Le juge du fond, confirmé en appel, ordonne finalement la levée du séquestre et la remise des documents au requérant, au regard de l’article R. 153-1 du code de commerce, qui prévoit que si aucune contestation n’est formulée dans le délai d’un mois, la mesure de séquestre est levée. La Cour de cassation confirme cette décision dans un arrêt du 14 mai 2025, validant ainsi le mécanisme selon lequel le silence du saisi dans ce délai entraîne la transmission des pièces, malgré les enjeux liés au secret des affaires.
Cet arrêt précise donc le fonctionnement du séquestre provisoire dans ce contexte tout en soulignant que certaines questions autour de la protection du secret des affaires restent à éclaircir.
II –
Pour rappel, l’article 145 du Code de procédure civile permet à une partie de demander au juge, sur requête ou en référé, diverses mesures d’instruction, sous certaines conditions. Pour les saisies de documents chez un adversaire, une pratique de séquestre a été instaurée afin de préserver l’effet de surprise du requérant tout en protégeant les secrets légalement protégés du requis.

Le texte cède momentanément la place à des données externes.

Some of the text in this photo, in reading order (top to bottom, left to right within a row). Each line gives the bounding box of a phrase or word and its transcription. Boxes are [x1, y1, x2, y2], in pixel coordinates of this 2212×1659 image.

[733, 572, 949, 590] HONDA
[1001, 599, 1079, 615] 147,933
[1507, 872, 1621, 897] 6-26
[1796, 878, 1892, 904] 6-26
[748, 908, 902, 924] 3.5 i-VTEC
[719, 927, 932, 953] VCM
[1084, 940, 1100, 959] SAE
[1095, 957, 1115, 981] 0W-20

Cette pratique a été officialisée par le décret n° 2018-1126 du 11 décembre 2018, qui a créé les articles R. 153-1 et suivants du code de commerce, applicables uniquement en cas de secret des affaires.
Cependant, la rédaction de ces articles a suscité des interrogations quant à leur portée et leur articulation avec le régime « classique » des mesures d’instruction in futurum développé par la Cour de cassation. L’arrêt commenté apporte un éclairage attendu sur l’une de ces questions délicates.

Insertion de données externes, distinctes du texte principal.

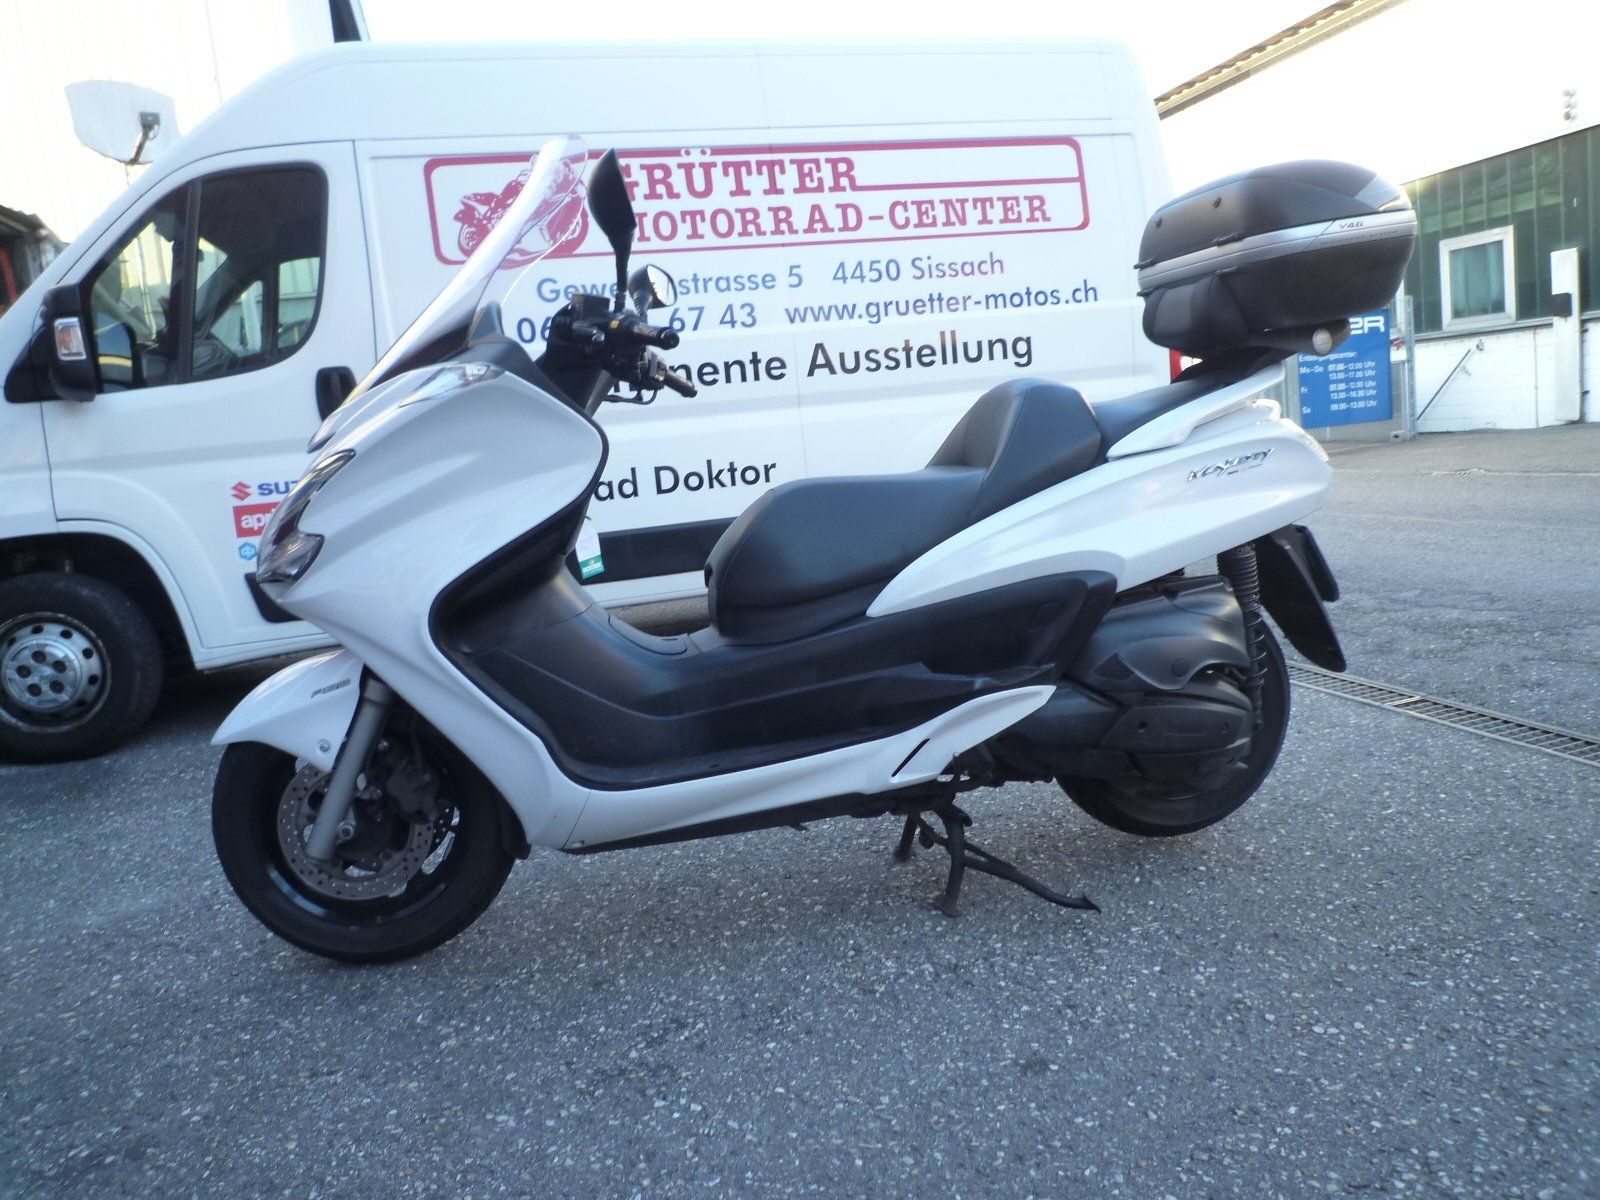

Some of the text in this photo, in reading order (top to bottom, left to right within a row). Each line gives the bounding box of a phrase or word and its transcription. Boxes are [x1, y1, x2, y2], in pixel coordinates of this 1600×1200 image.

[788, 264, 804, 288] 5
[832, 258, 901, 285] 4450
[911, 251, 1005, 279] Sissach
[668, 306, 705, 333] 67
[719, 302, 757, 329] 43
[784, 279, 1099, 325] www.gruetter-motos.ch
[806, 330, 1033, 377] Ausstellung
[654, 459, 777, 495] Doktor

La question centrale issue du décret du 11 décembre 2018 concernait l’effet automatique de la levée du séquestre si le requis ne saisissait pas le juge dans un délai d’un mois. Le pourvoi contestait que l’absence de demande de rétractation prive le requis de la protection du secret des affaires.
La Cour de cassation a confirmé que si aucune demande de modification ou de rétractation n’est présentée dans ce délai, le requis ne peut plus s’opposer à la levée du séquestre et à la transmission des documents au requérant.
L’arrêt précise donc que le non-respect du délai prive le requis de tout moyen de défense fondé sur le secret des affaires. Toutefois, malgré la clarté apparente de la règle, certaines incertitudes demeurent quant à son interprétation.
III –
L’article R. 153-1 du code de commerce, éclairé par l’arrêt du 14 mai 2025, soulève plusieurs interrogations importantes.
D’abord, bien que la levée du séquestre semble automatique si le requis ne réagit pas dans le délai d’un mois, il n’est pas clair si cette libération peut se faire sans intervention judiciaire. Confier cette décision au seul commissaire de justice pose des risques, notamment la transmission involontaire d’informations protégées par d’autres secrets, ce qui pourrait nuire au requis.
Ensuite, la date précise à retenir pour interrompre ce délai d’un mois est incertaine : la jurisprudence privilégie souvent la remise au greffe de l’assignation, ce qui peut réduire le délai effectif dont dispose le requis pour agir.
Par ailleurs, il reste à préciser si le juge peut prévoir dans son ordonnance initiale que le séquestre ne sera levé qu’après décision judiciaire ou accord des parties, une pratique fréquente qui n’est ni confirmée ni infirmée par la Cour de cassation.
Enfin, la portée du délai d’un mois est discutée : même en cas de non-recours dans ce délai, certaines cours admettent que le requis peut ultérieurement demander la rétractation de l’ordonnance, ce qui pose un paradoxe puisqu’à ce moment les documents saisis auront déjà été communiqués au requérant. Cette situation crée un risque de préjudice irréversible et soulève la question de l’ordre dans lequel le juge doit examiner les demandes de libération du séquestre et de rétractation, avec un dilemme entre la protection des intérêts du requis et le droit du requérant à obtenir les pièces.